Print word for word the records from the line containing "this 1596×2311 image." through the end.

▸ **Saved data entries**
# # # # #

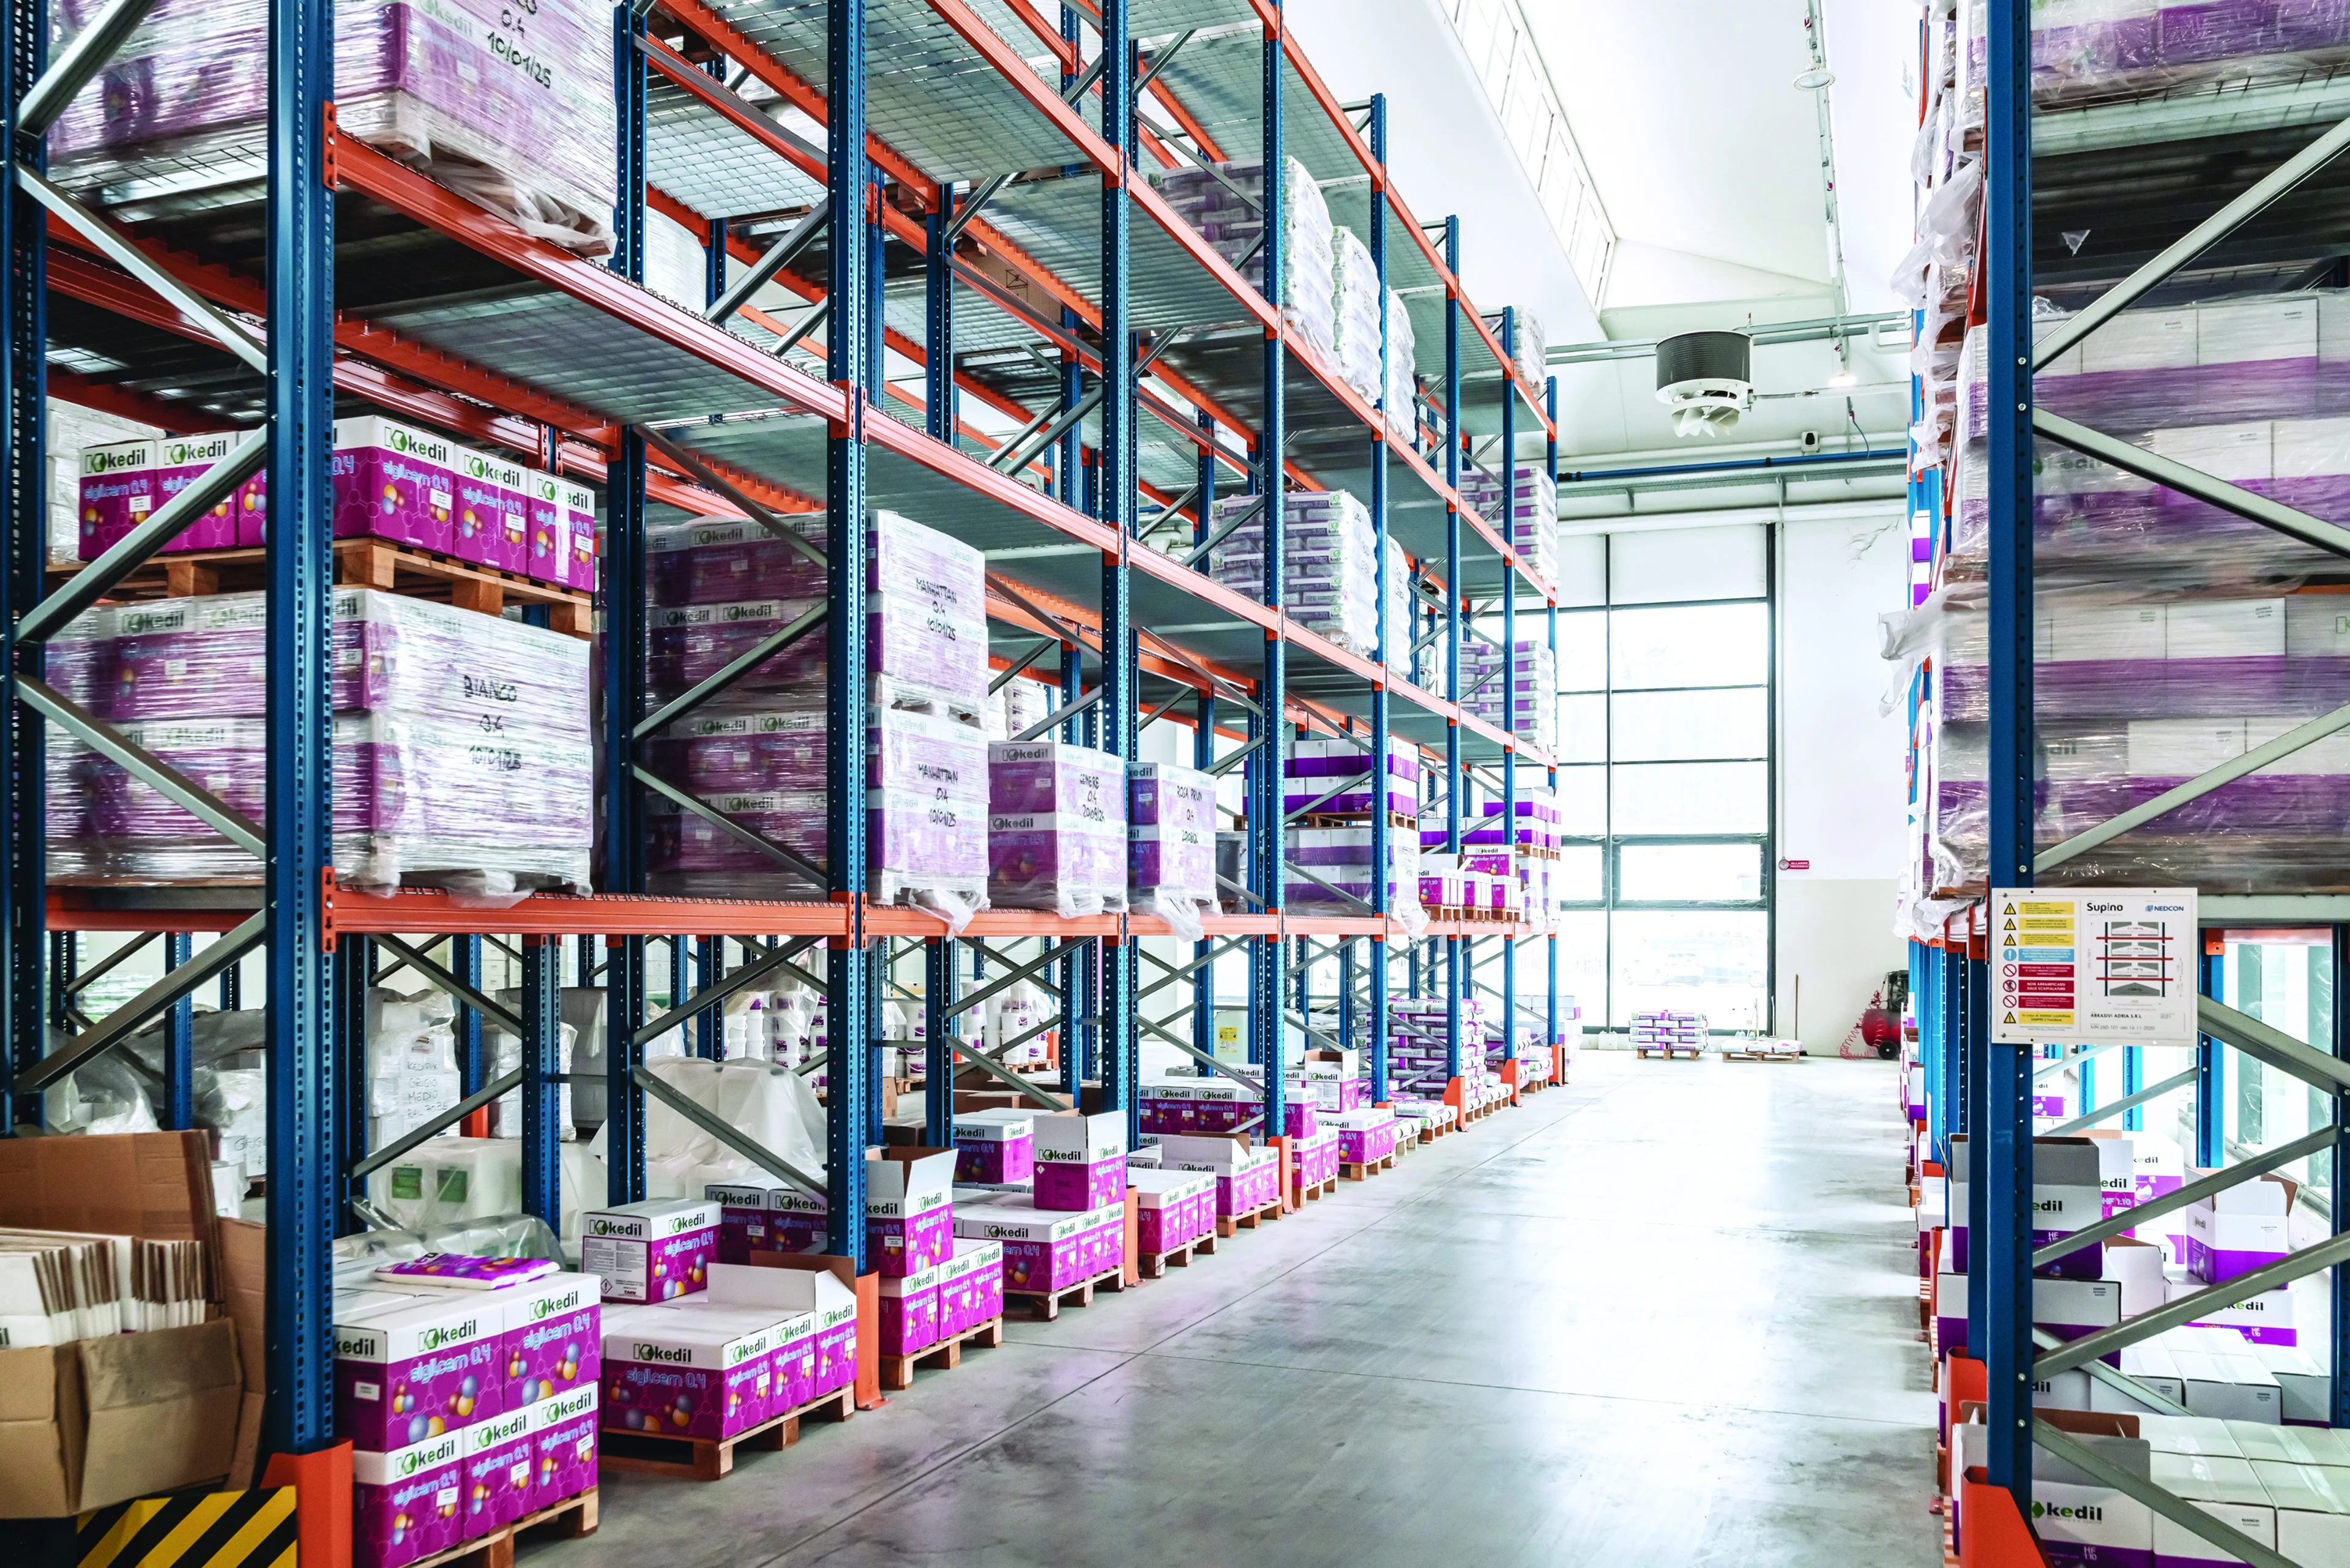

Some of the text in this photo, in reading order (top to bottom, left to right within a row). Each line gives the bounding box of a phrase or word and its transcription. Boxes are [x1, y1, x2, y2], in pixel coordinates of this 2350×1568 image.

[501, 9, 525, 39] 0.4
[488, 31, 551, 89] 10/01/25
[187, 440, 226, 460] kedil
[409, 435, 447, 462] kedil
[108, 449, 146, 468] kedil
[332, 455, 354, 475] 0.4
[485, 462, 520, 487] kedil
[130, 479, 147, 494] 0.4
[431, 474, 449, 492] 0.4
[506, 499, 522, 515] 0.4
[576, 521, 590, 536] 0.4
[712, 528, 742, 540] kedil
[741, 605, 771, 617] kedil
[933, 600, 946, 617] 0.4
[145, 611, 184, 629] kedil
[927, 618, 956, 641] 10/01/25
[464, 674, 517, 702] BIANCO
[1020, 748, 1048, 759] kedil
[919, 764, 958, 785] MANHATTAN
[936, 788, 949, 804] 0.4
[928, 808, 956, 827] 10/01/25
[1004, 818, 1034, 829] kedil
[1128, 829, 1140, 838] dil
[2087, 903, 2123, 913] Supino
[408, 1090, 438, 1103] MEDIO
[960, 1126, 985, 1137] kedil
[1012, 1127, 1024, 1135] kedil
[981, 1143, 994, 1153] 0.4
[1054, 1150, 1081, 1160] kedil
[1105, 1146, 1118, 1156] kedil
[2101, 1178, 2127, 1188] edil
[729, 1193, 759, 1205] kedil
[927, 1192, 942, 1206] kedil
[1169, 1191, 1179, 1201] kedil
[865, 1202, 898, 1214] kedil
[1111, 1207, 1122, 1217] kedil
[2033, 1200, 2062, 1211] edil
[682, 1212, 704, 1228] kedil
[939, 1209, 948, 1223] 0.4
[1088, 1214, 1100, 1225] kedil
[608, 1222, 641, 1236] kedil
[886, 1224, 900, 1234] 0.4
[1001, 1227, 1028, 1238] kedil
[1062, 1223, 1075, 1233] kedil
[701, 1231, 714, 1245] 0.4
[984, 1247, 1000, 1262] kedil
[1024, 1245, 1039, 1256] 0.4
[953, 1260, 969, 1274] kedil
[917, 1272, 934, 1287] kedil
[548, 1291, 578, 1313] kedil
[833, 1304, 852, 1322] kedil
[573, 1312, 590, 1332] 0.4
[789, 1320, 810, 1338] kedil
[441, 1320, 476, 1343] kedil
[845, 1326, 854, 1336] 0.4
[332, 1335, 375, 1356] kedil
[744, 1337, 766, 1357] kedil
[802, 1342, 812, 1355] 0.4
[471, 1343, 491, 1364] 0.4
[655, 1346, 692, 1362] kedil
[758, 1361, 768, 1374] 0.4
[686, 1372, 706, 1389] 0.4
[561, 1392, 591, 1416] kedil
[494, 1416, 527, 1441] kedil
[580, 1419, 593, 1436] 0.4
[419, 1439, 454, 1466] kedil
[514, 1443, 529, 1460] 0.4
[440, 1469, 457, 1489] 0.4
[2046, 1503, 2102, 1521] kedil
[2084, 1546, 2097, 1555] HF
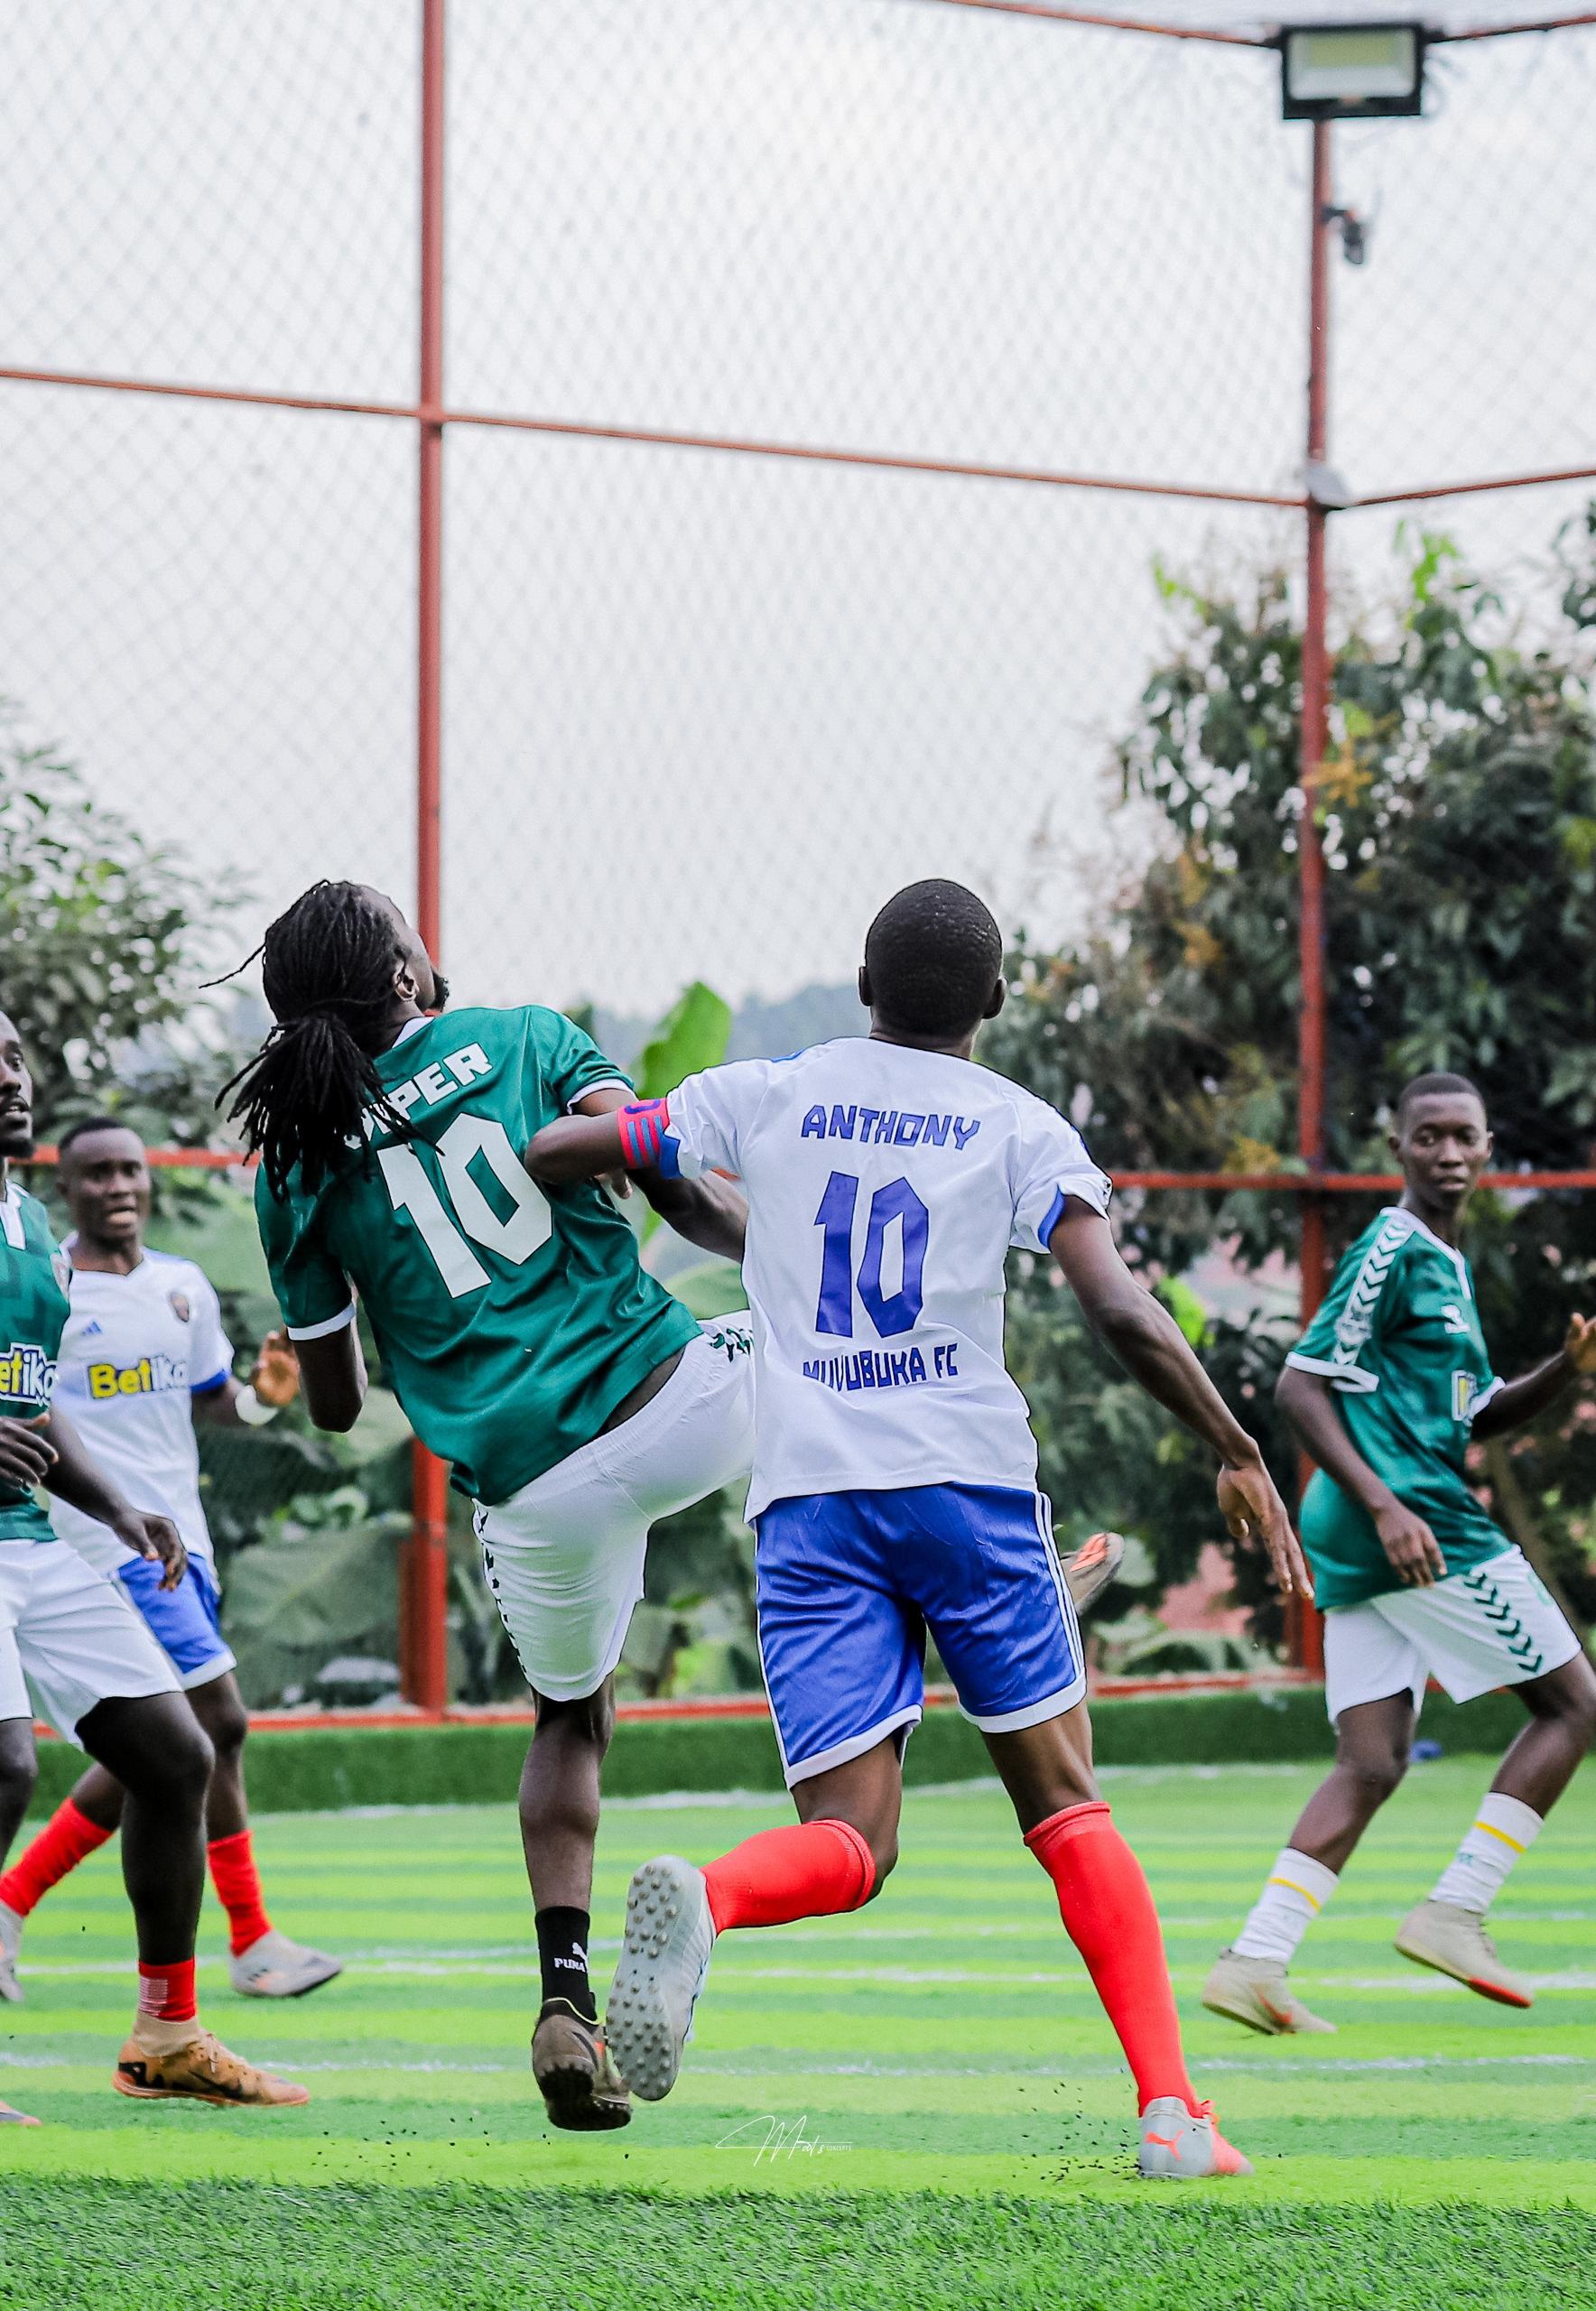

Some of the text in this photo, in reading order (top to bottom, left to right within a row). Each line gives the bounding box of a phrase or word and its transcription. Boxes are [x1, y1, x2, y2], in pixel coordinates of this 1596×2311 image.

[800, 1104, 981, 1151] ANTHONY
[376, 1111, 553, 1300] 10
[813, 1170, 929, 1339] 10
[803, 1342, 959, 1392] MUVUBUKA FC

# # # # #

▸ **REPLY TO THE EXERCISE**
Some of the text in this photo, in reading order (top to bottom, left to right within a row). Each line gives the bounding box of a phrase or word and its transcription. Boxes are [x1, y1, x2, y2], in pixel coordinates of this 1596×2311 image.

[800, 1104, 981, 1151] ANTHONY
[376, 1111, 553, 1300] 10
[813, 1170, 929, 1339] 10
[803, 1342, 959, 1392] MUVUBUKA FC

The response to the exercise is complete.